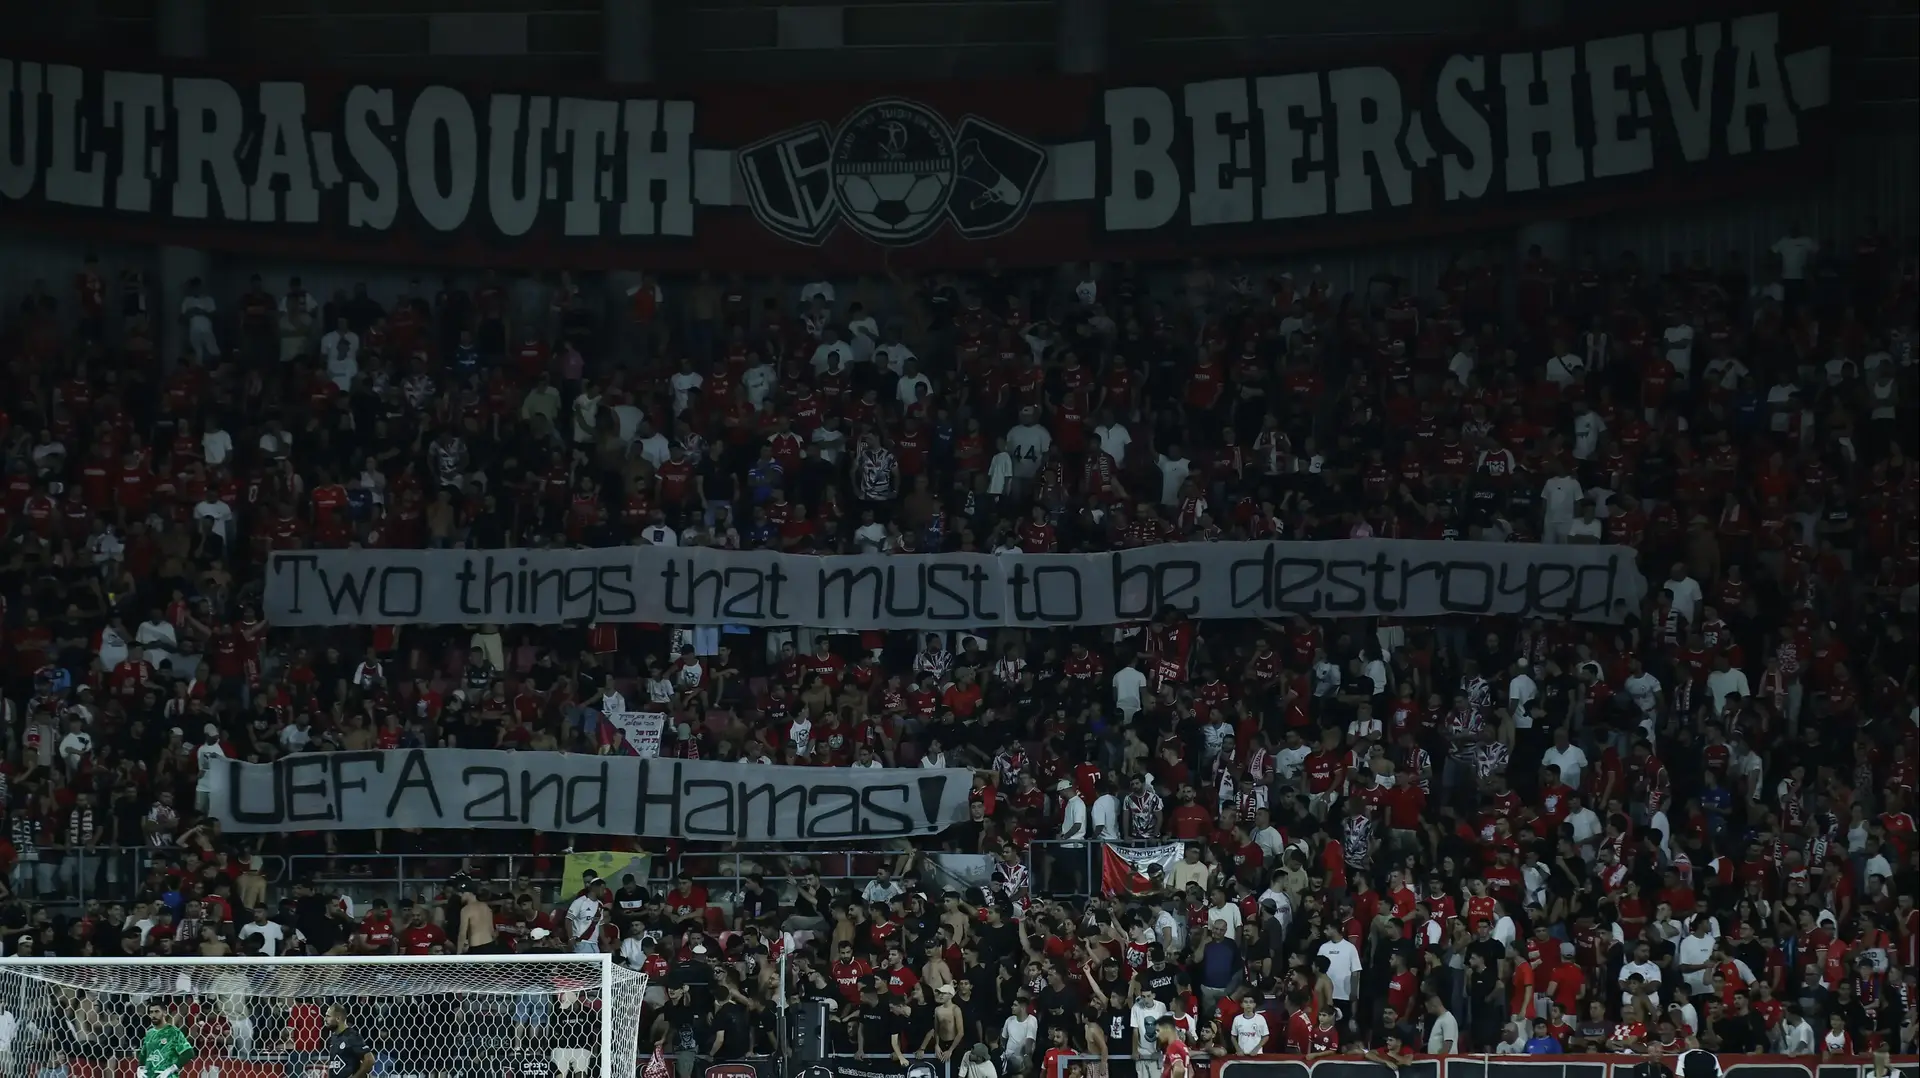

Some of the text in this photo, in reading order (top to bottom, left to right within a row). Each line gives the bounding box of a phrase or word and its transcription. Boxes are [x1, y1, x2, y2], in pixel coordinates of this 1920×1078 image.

[0, 58, 695, 236] ULTRA SOUTH
[1104, 11, 1800, 231] BEER SHEVA
[1013, 444, 1038, 463] 44
[273, 543, 1627, 622] Two things that must to be destroyed.
[229, 748, 947, 839] UEFA and Hamas!
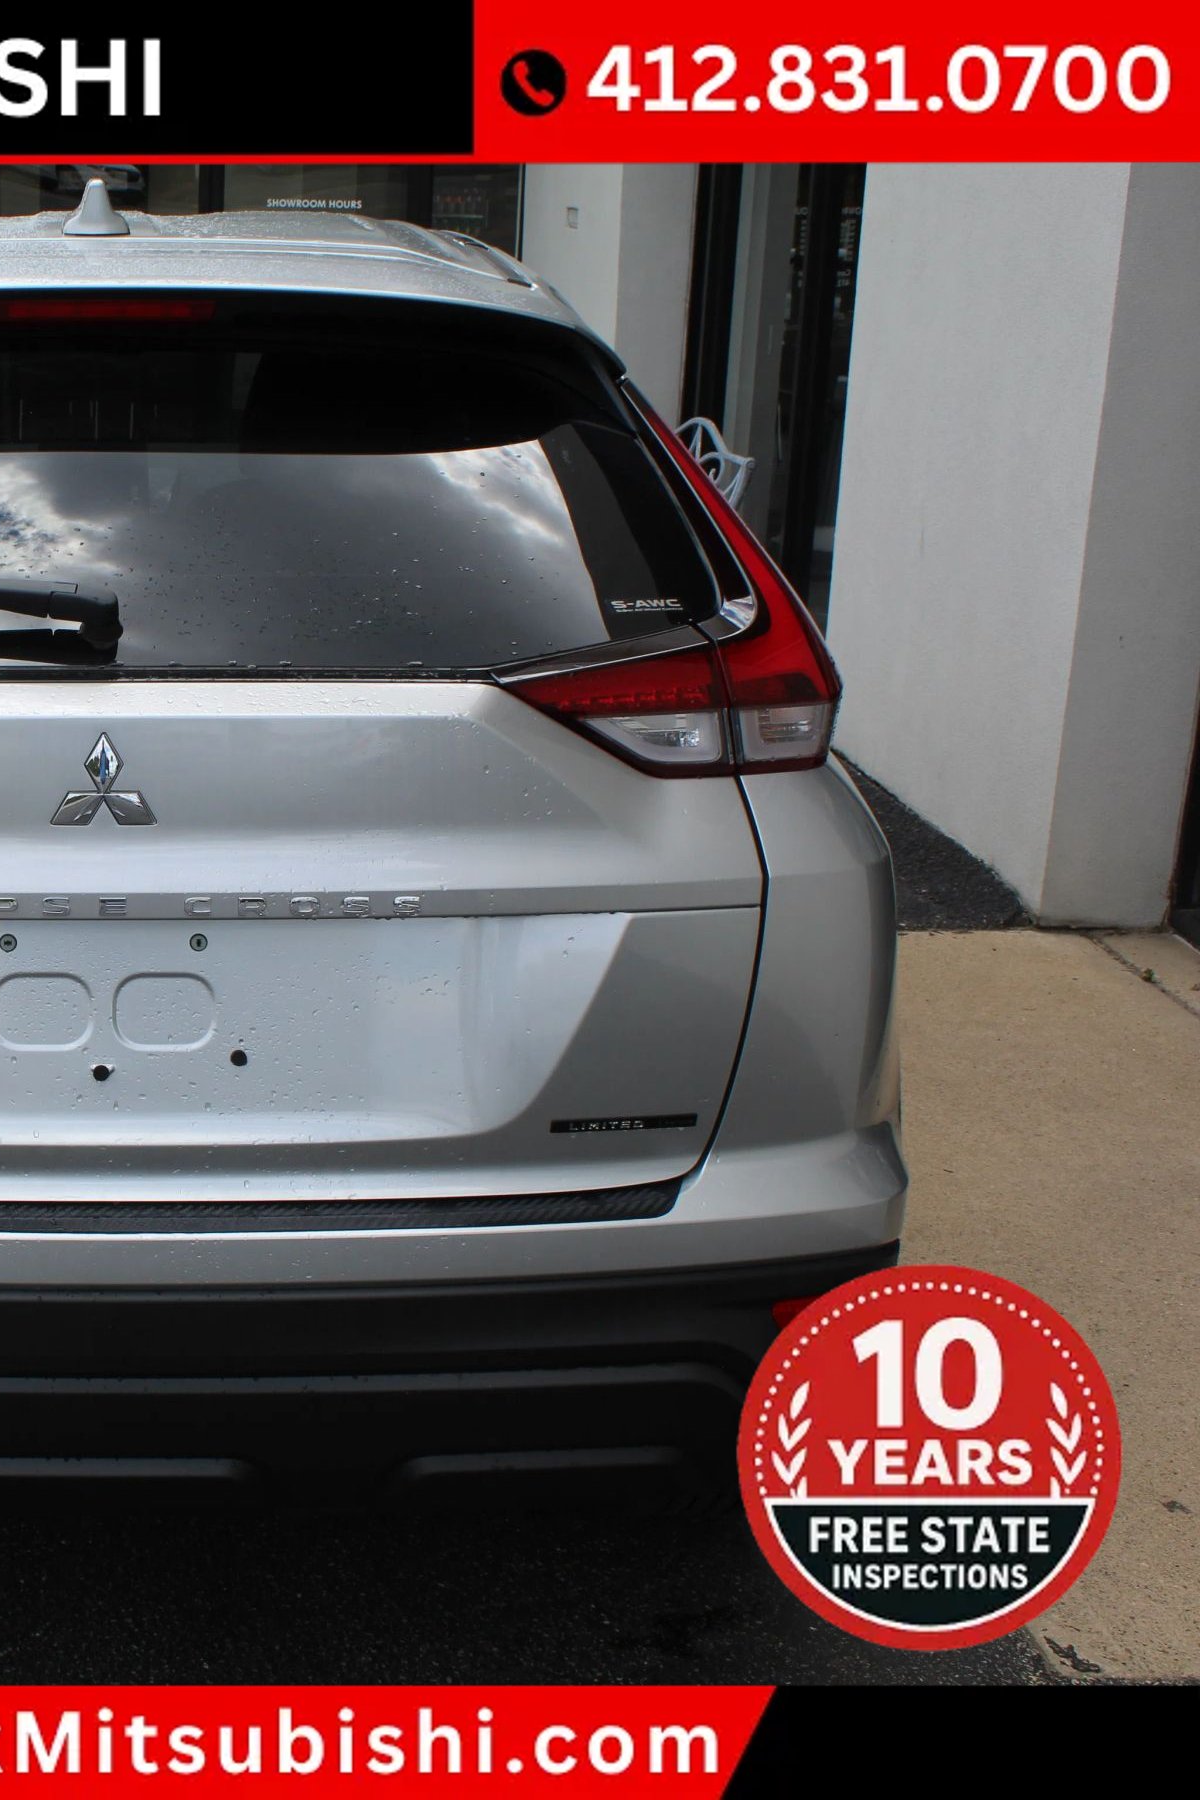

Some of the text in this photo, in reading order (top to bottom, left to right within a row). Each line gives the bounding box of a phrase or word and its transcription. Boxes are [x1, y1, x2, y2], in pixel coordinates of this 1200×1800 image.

● WHAT NEEDS TO BE DONE:
Output every line of the records exactly, excluding all pictures.

● WORKED SOLUTION:
Some of the text in this photo, in reading order (top to bottom, left to right within a row). Each line gives the bounding box of a phrase or word and its transcription. Boxes are [x1, y1, x2, y2], in pixel coordinates of this 1920×1078 image.

[0, 58, 695, 236] ULTRA SOUTH
[1104, 11, 1800, 231] BEER SHEVA
[1013, 444, 1038, 463] 44
[273, 543, 1627, 622] Two things that must to be destroyed.
[229, 748, 947, 839] UEFA and Hamas!

Some of the text in this photo, in reading order (top to bottom, left to right within a row). Each line gives the bounding box of a phrase or word and its transcription. Boxes are [x1, y1, x2, y2], in pixel coordinates of this 1200×1800 image.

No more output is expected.